De plus, le texte même de l’article 9 de la loi du 31 décembre 1971 précitée, sur lequel l’arrêt commenté se fonde notamment, dispose que « [l]’avocat régulièrement commis d’office par le bâtonnier ou par le président de la cour d’assises ne peut refuser son ministère sans faire approuver ses motifs d’excuse ou d’empêchement par le bâtonnier ou par le président » (nous soulignons encore). En l’espèce, les avocats sanctionnés n’ont pas « refusé leur ministère », mais refusé de rejoindre l’audience, en application d’une stratégie de défense et à la demande de leur client.

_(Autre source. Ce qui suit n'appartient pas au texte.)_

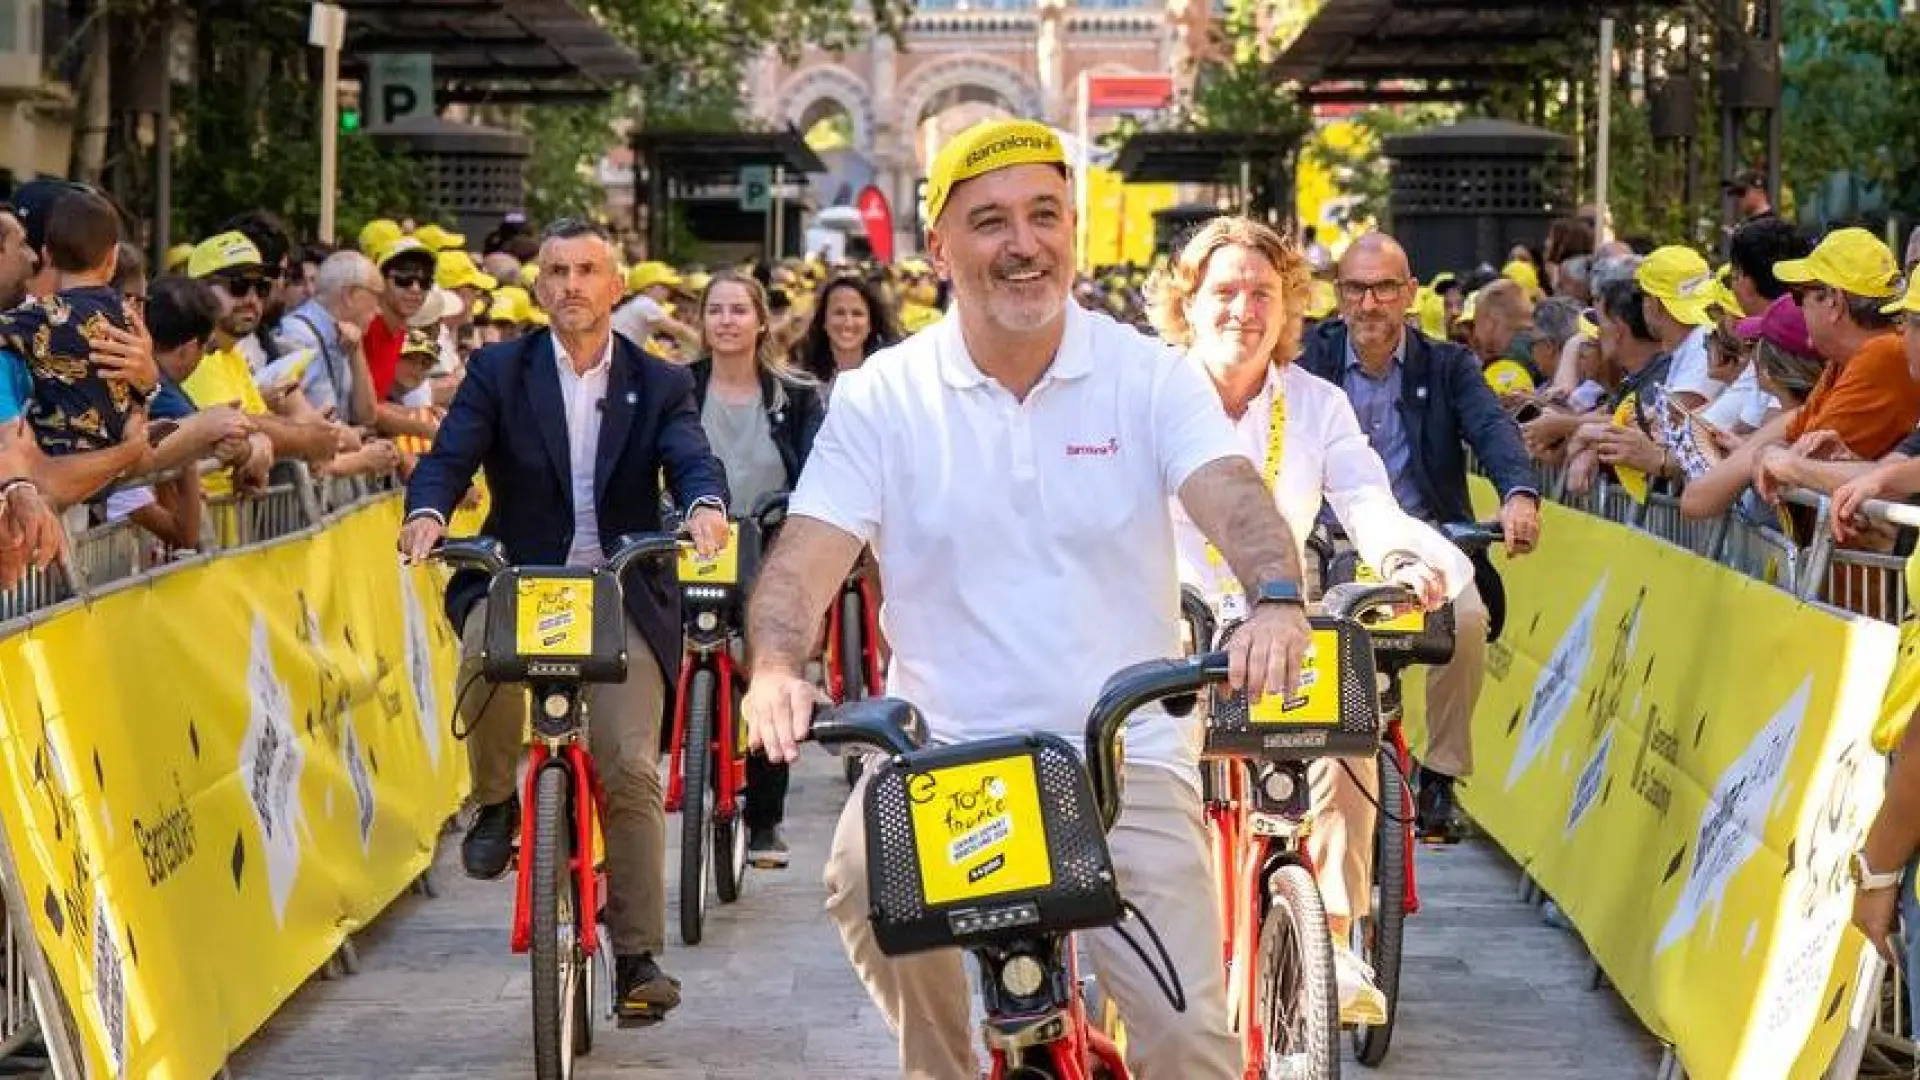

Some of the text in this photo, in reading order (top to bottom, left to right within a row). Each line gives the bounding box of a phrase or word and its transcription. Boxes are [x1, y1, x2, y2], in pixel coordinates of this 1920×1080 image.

[383, 85, 418, 125] P
[966, 134, 1042, 168] Barcelona
[746, 181, 765, 206] P

Dans ces conditions, et puisque l’absence ou la présence d’un avocat lors de l’audience n’est pas de nature à perturber la procédure judiciaire au point de provoquer son annulation ou une interruption des débats, il est effectivement paradoxal de reprocher à un avocat d’avoir adopté la défense qu’il estimait devoir s’imposer pour protéger au mieux les intérêts de son client au nom de la protection de ces mêmes droits de la défense. Dans un tel contexte, il est par ailleurs probable que les relations entre le président de la cour d’assises concerné et les avocats de l’accusé aient été tendues, ce qui est de nature à rouvrir le débat sur le mécanisme de la commission d’office qui place le président de la cour d’assises qui a décidé de la commission d’office dans la position d’accepter ou de refuser les motifs d’excuse et d’empêchement présentés par les avocats, procédure qui a pourtant été validée par le Conseil constitutionnel (Cons. const. 4 mai 2018, n° 2018-704 QPC, préc.).

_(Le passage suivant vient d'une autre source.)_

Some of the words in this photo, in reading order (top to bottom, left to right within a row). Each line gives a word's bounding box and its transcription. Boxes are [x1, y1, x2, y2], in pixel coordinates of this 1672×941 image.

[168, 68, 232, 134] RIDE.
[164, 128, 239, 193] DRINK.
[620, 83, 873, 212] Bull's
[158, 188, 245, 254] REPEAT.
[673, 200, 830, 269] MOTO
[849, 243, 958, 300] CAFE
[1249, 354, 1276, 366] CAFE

Il s’agissait évidemment d’un cas « limite », une forme de défense « de rupture » que les juges ont voulu sanctionner car elle leur paraissait incompatible avec la fonction même de l’avocat et le mécanisme de la commission d’office. Sans nous prononcer sur l’opportunité d’une telle défense consistant à ne pas assister aux débats, il nous semble pourtant que l’avocat devrait conserver une entière indépendance dans le choix de la défense de son client.
Dorénavant, en pareilles circonstances et comme le craignaient les auteurs du pourvoi, si des avocats commis d’office souhaitent choisir ce mode de défense sans risquer d’être sanctionnés disciplinairement, ils devront se résoudre à assister aux débats en adoptant « une présence passive et taisante » contre leur volonté et celle de l’accusé. Si les arrêts criminels rendus en pareilles circonstances pourront bien porter la mention que l’accusé était « assisté par son avocat », il n’est pas certain que les droits de la défense en soient pour autant mieux garantis.